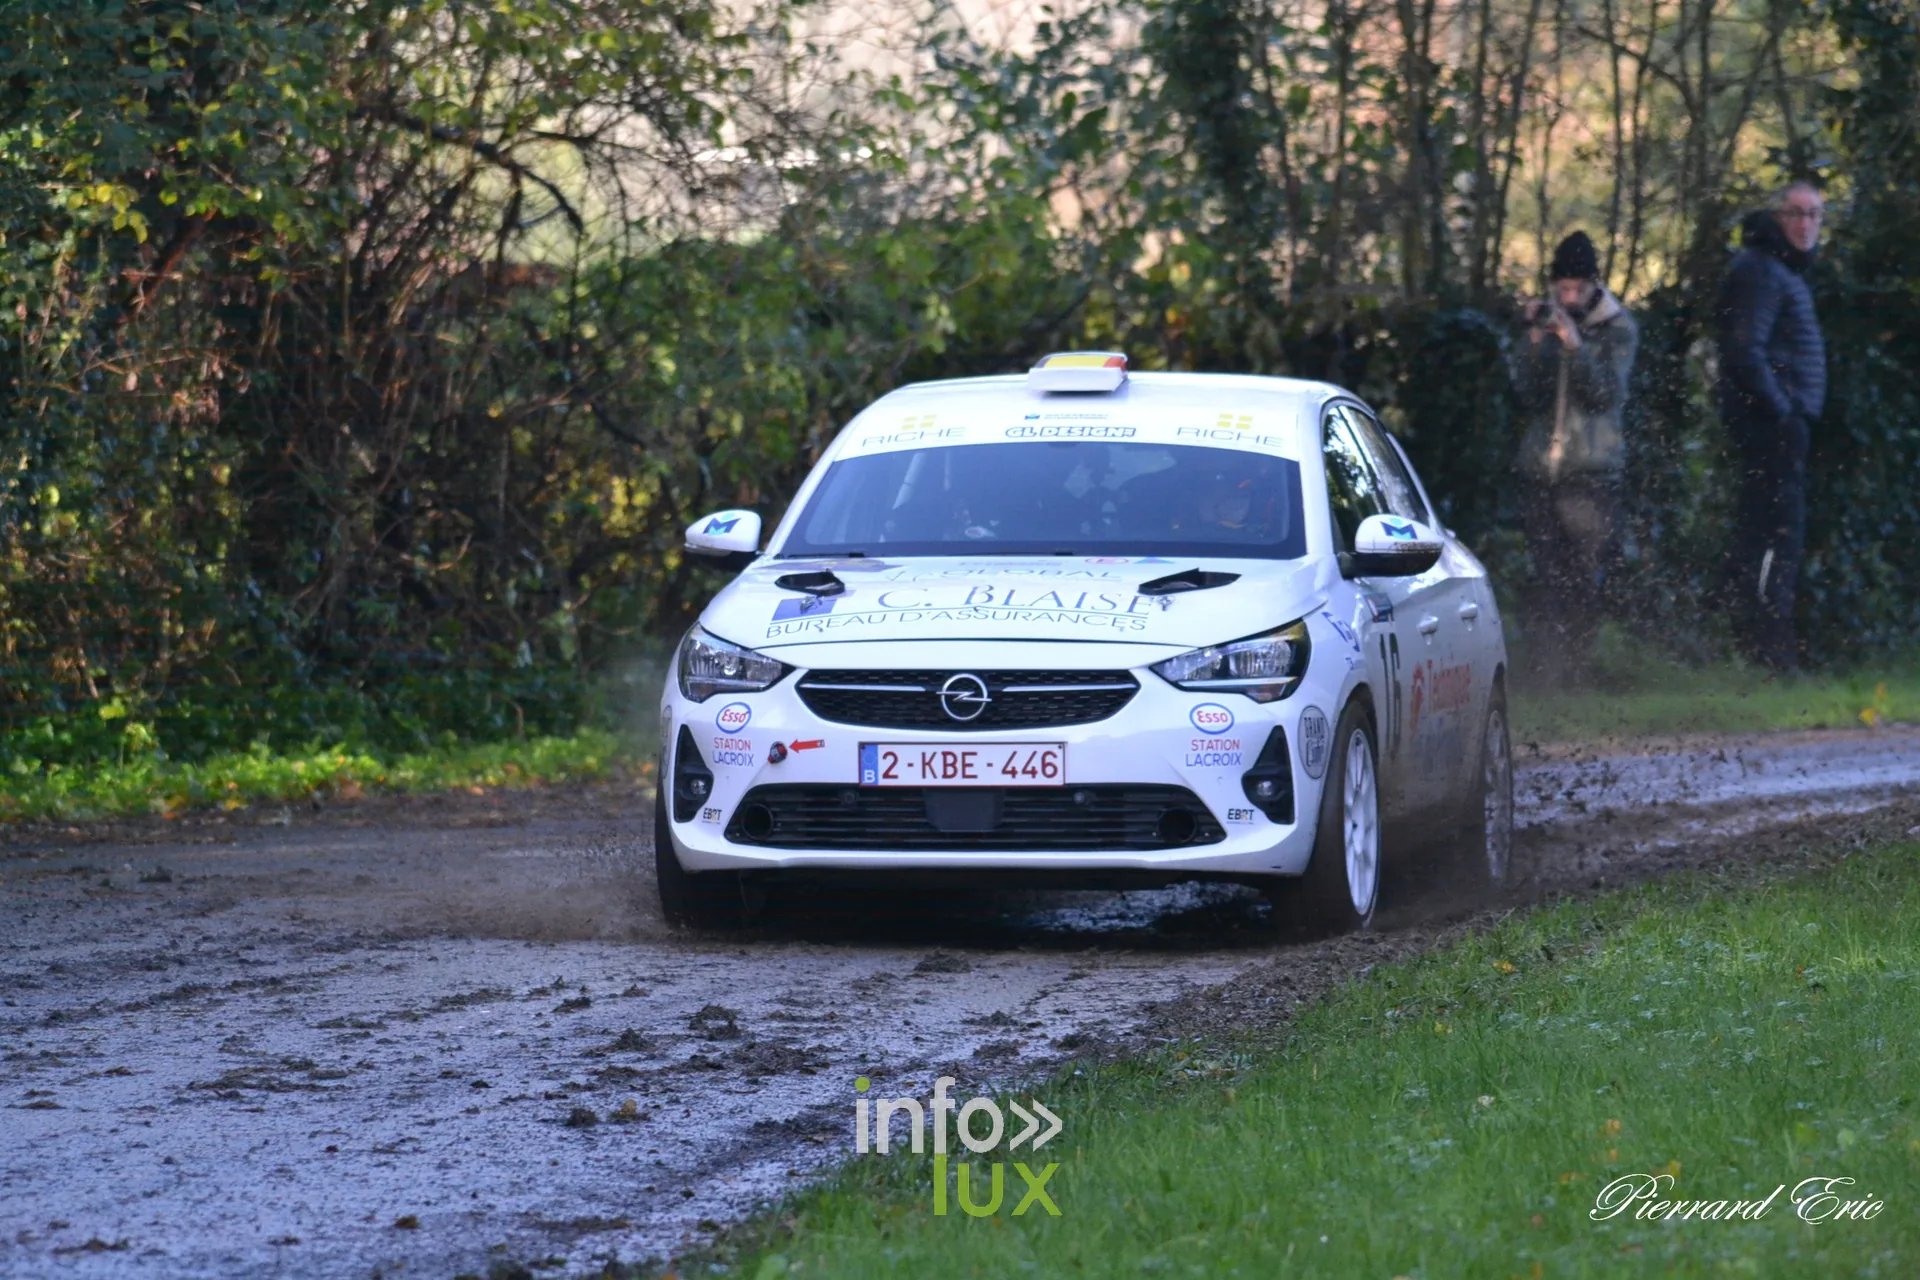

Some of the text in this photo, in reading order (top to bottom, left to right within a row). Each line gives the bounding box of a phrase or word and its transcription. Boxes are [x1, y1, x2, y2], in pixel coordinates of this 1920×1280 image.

[862, 427, 965, 447] RICHE
[1177, 427, 1284, 448] RICHE
[964, 584, 1149, 615] BLAISE
[766, 608, 1147, 639] BUREAU D'ASSURANCES
[714, 737, 751, 751] STATION
[1191, 739, 1241, 751] STATION
[712, 751, 754, 767] LACROIX
[1186, 753, 1242, 767] LACROIX
[863, 769, 876, 783] B
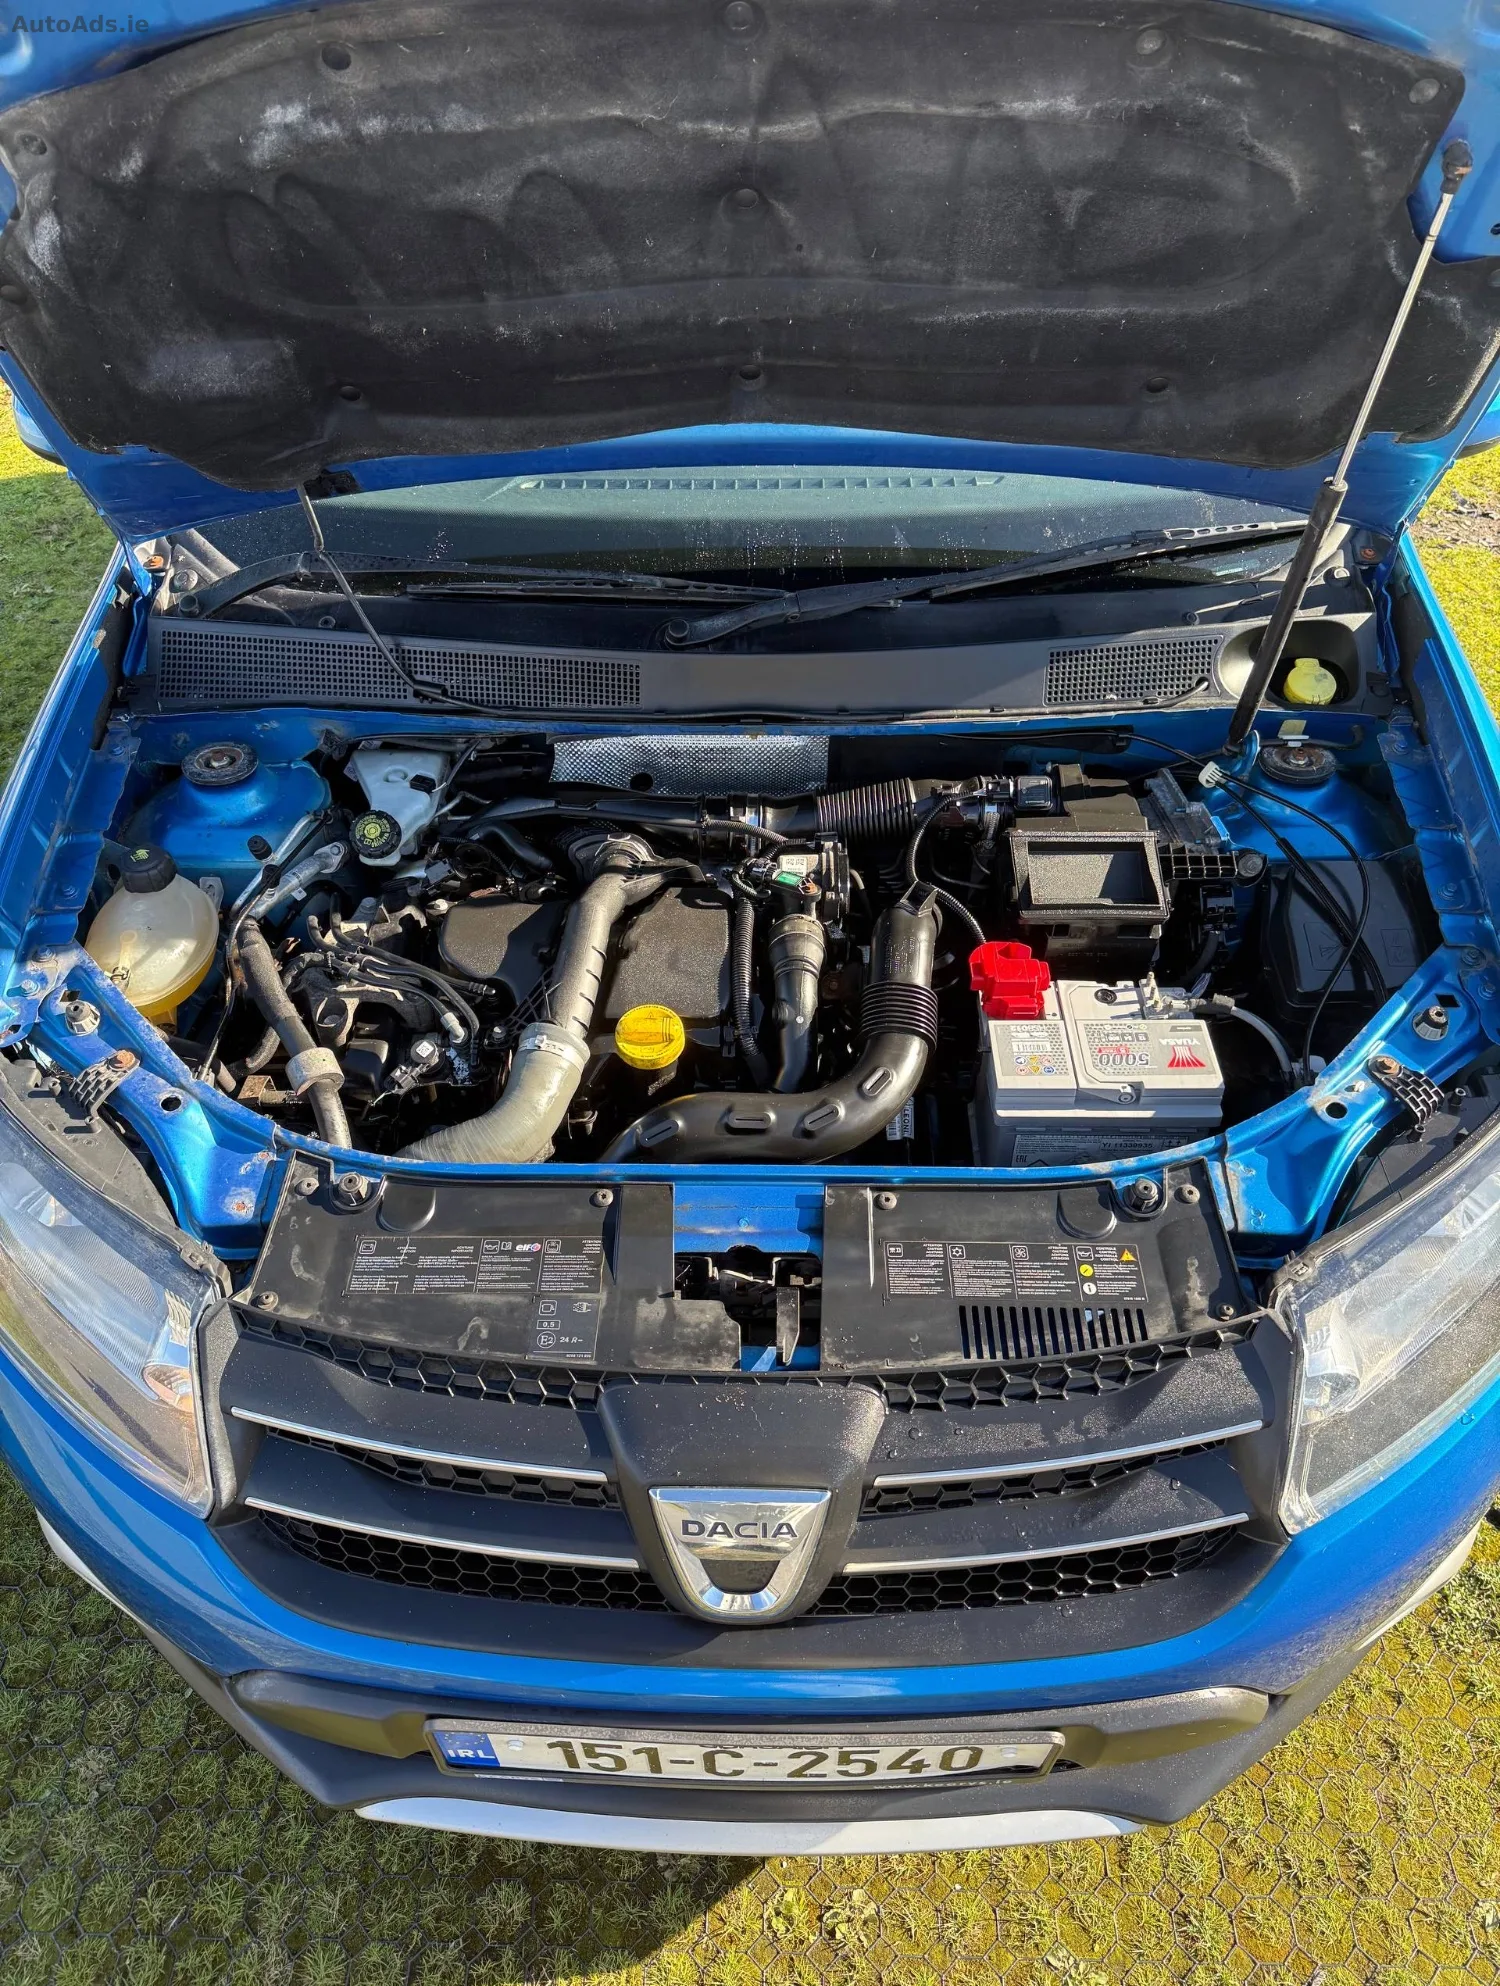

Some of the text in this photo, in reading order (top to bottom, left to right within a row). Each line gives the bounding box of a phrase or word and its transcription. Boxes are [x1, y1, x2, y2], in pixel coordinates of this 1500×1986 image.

[1099, 1053, 1149, 1066] 5000
[681, 1520, 798, 1539] DACIA
[448, 1750, 496, 1759] IRL
[547, 1740, 984, 1778] 151-C-2540
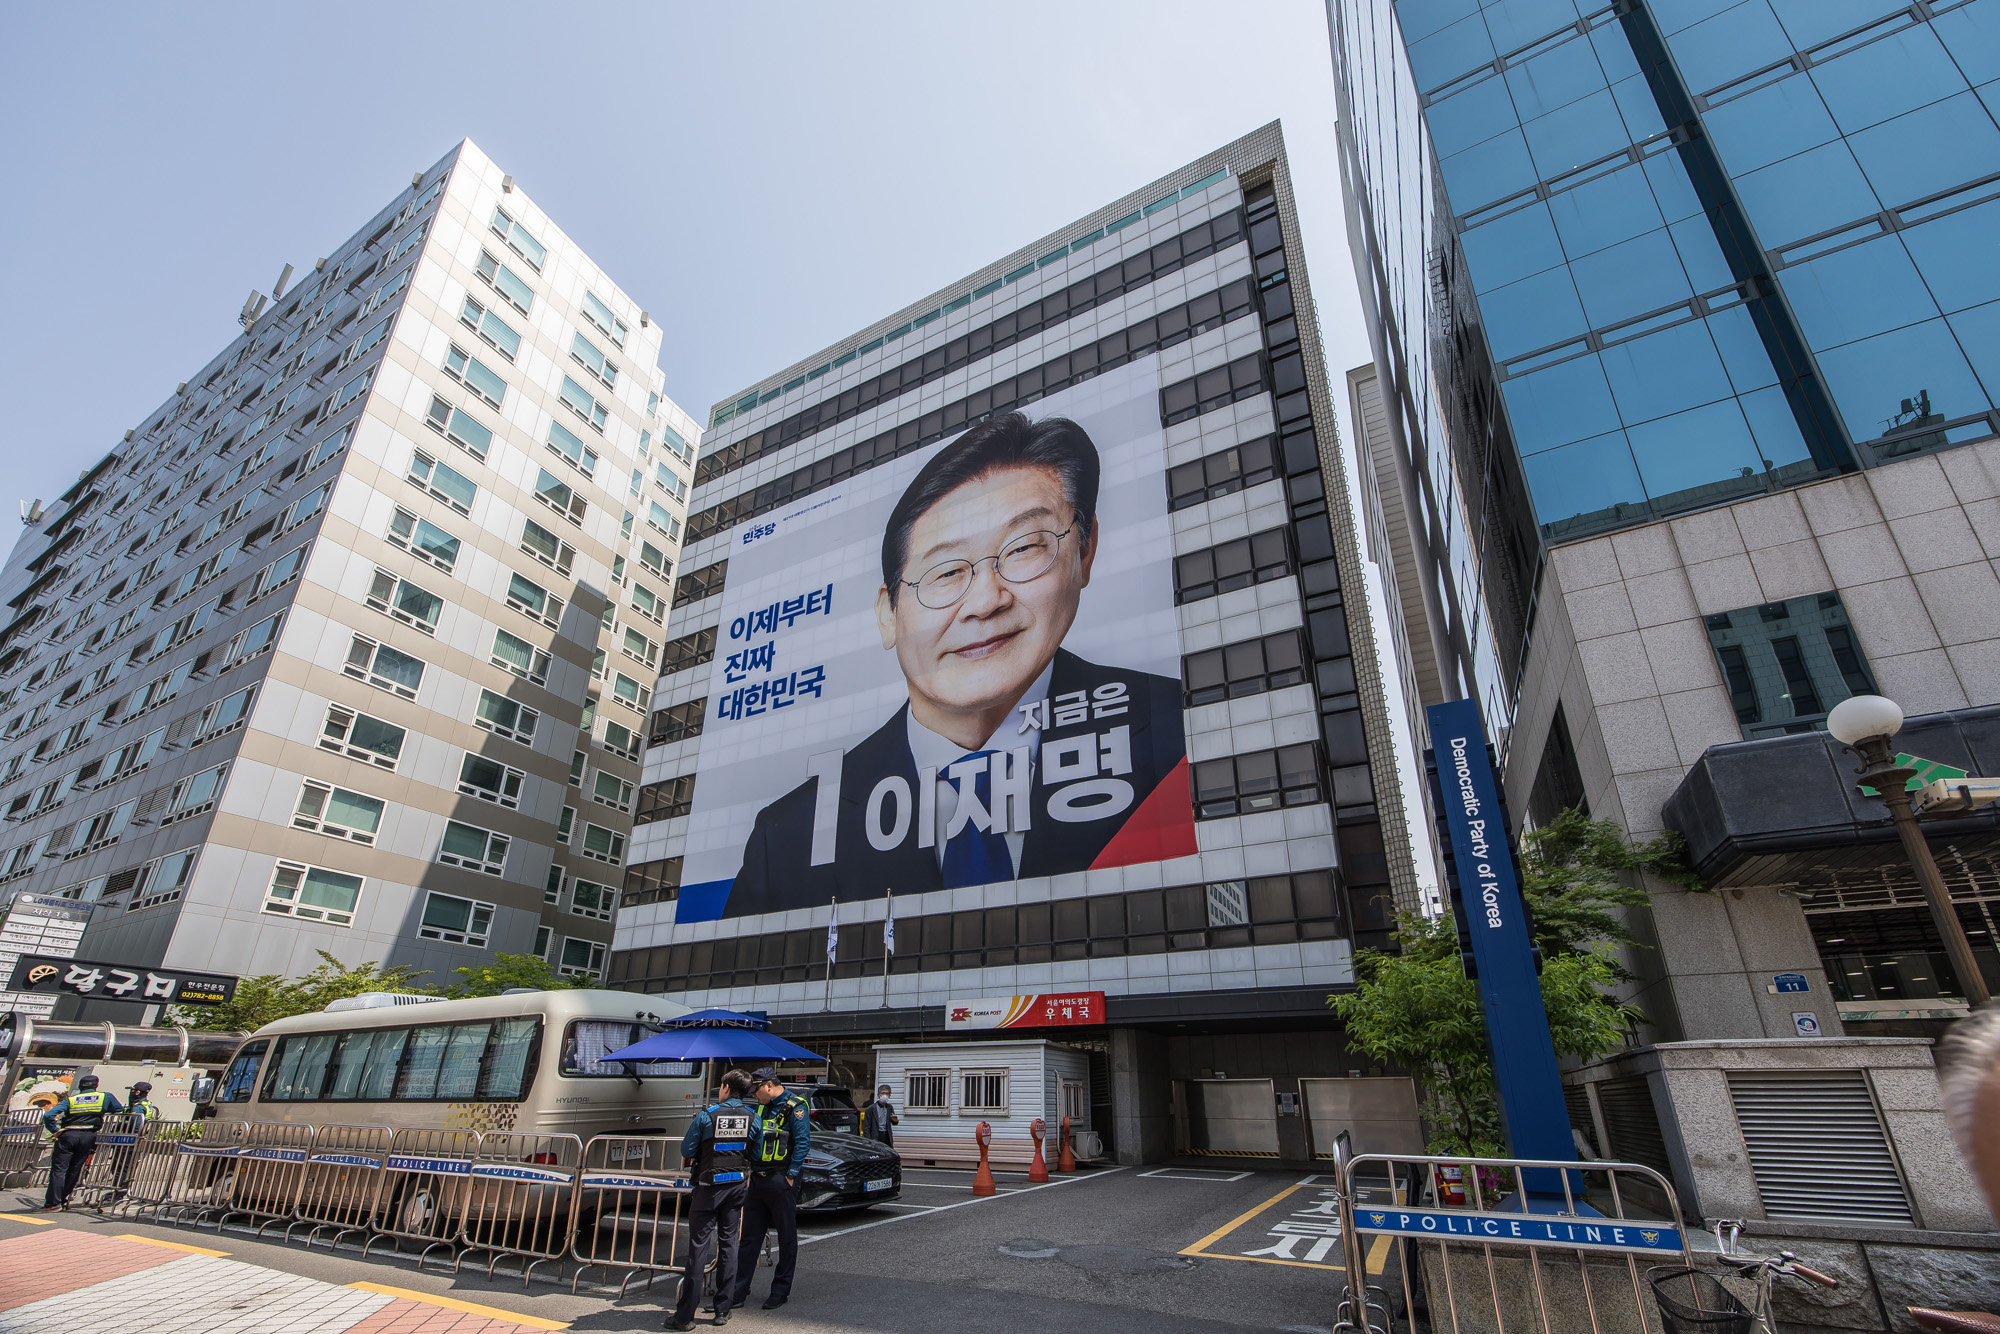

→ **What the task asks**: Please restate the entries word for word. Skip the pictures.

→ **Exercise answer**:
Some of the text in this photo, in reading order (top to bottom, left to right within a row). Each line gives the bounding box of a phrase or word and its transcription. Boxes are [x1, y1, x2, y2], in pixel coordinates of this 1920×1280 image.

[862, 427, 965, 447] RICHE
[1177, 427, 1284, 448] RICHE
[964, 584, 1149, 615] BLAISE
[766, 608, 1147, 639] BUREAU D'ASSURANCES
[714, 737, 751, 751] STATION
[1191, 739, 1241, 751] STATION
[712, 751, 754, 767] LACROIX
[1186, 753, 1242, 767] LACROIX
[863, 769, 876, 783] B

Some of the text in this photo, in reading order (top to bottom, left to right within a row). Each line gives the bounding box of a phrase or word and its transcription. Boxes are [x1, y1, x2, y2], in pixel coordinates of this 1500×1986 image.

[1099, 1053, 1149, 1066] 5000
[681, 1520, 798, 1539] DACIA
[448, 1750, 496, 1759] IRL
[547, 1740, 984, 1778] 151-C-2540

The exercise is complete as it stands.